[[ DATA EXTRACTS open ]]

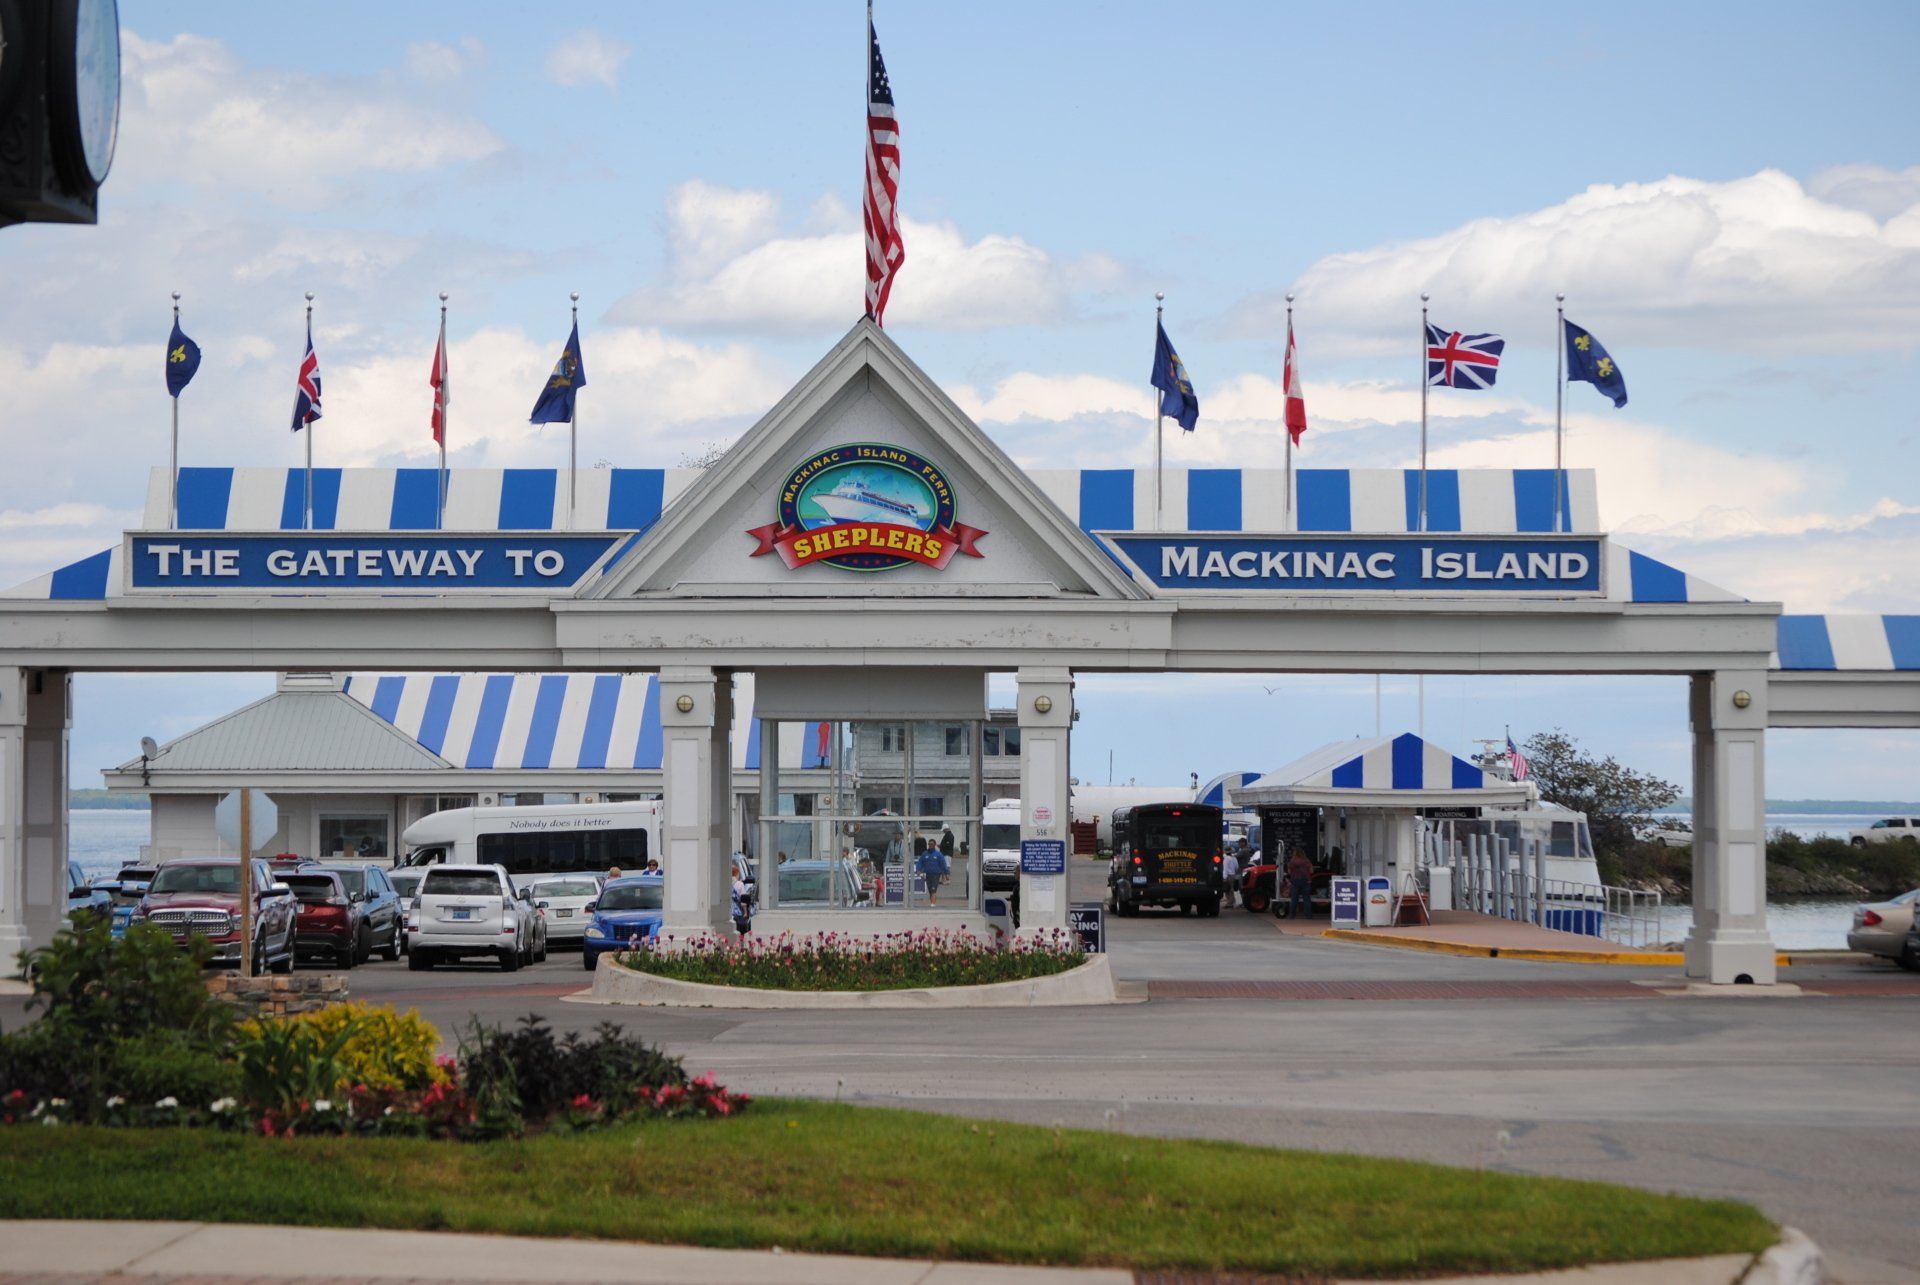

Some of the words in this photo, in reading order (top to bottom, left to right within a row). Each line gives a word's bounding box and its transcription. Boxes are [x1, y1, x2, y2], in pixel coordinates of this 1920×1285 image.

[783, 452, 840, 503] MACKINAC
[858, 447, 907, 463] ISLAND
[922, 466, 951, 506] FERRY
[793, 528, 943, 559] SHEPLER'S
[147, 544, 240, 577] THE
[266, 549, 483, 577] GATEWAY
[505, 549, 565, 577] TO
[1160, 546, 1396, 579] MACKINAC
[1420, 547, 1590, 579] ISLAND
[510, 820, 547, 830] Nobody
[549, 819, 571, 828] does
[574, 818, 581, 827] it
[583, 818, 612, 827] better
[1036, 828, 1048, 837] 556
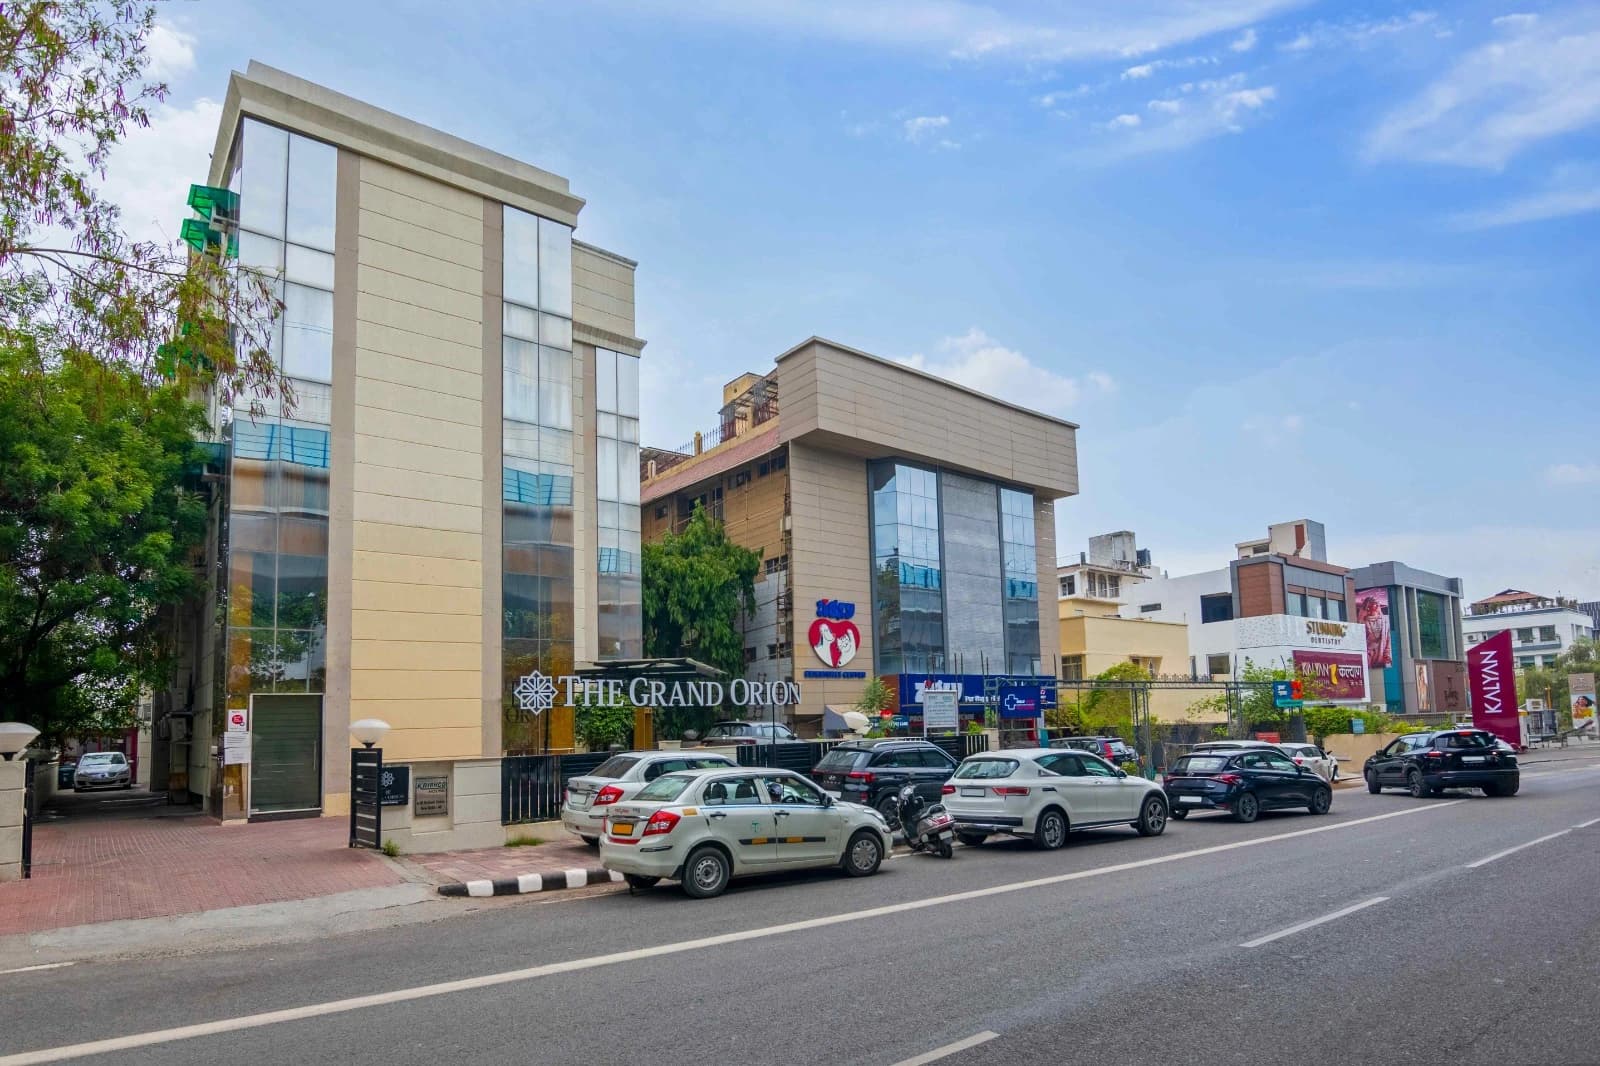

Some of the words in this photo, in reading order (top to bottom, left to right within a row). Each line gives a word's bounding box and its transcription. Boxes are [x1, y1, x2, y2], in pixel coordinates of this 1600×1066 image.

[558, 675, 624, 707] THE
[629, 677, 724, 707] GRAND
[730, 678, 803, 706] ORION
[1479, 650, 1503, 714] KALYAN

[[ DATA EXTRACTS closed ]]

TO DO.
Write out every line, unchanged, from the one containing "this 1600×1066 image." through the closing line of the data.

OUTPUT OF THE EXERCISE.
Some of the words in this photo, in reading order (top to bottom, left to right within a row). Each line gives a word's bounding box and its transcription. Boxes are [x1, y1, x2, y2], in pixel coordinates of this 1600×1066 image.

[558, 675, 624, 707] THE
[629, 677, 724, 707] GRAND
[730, 678, 803, 706] ORION
[1479, 650, 1503, 714] KALYAN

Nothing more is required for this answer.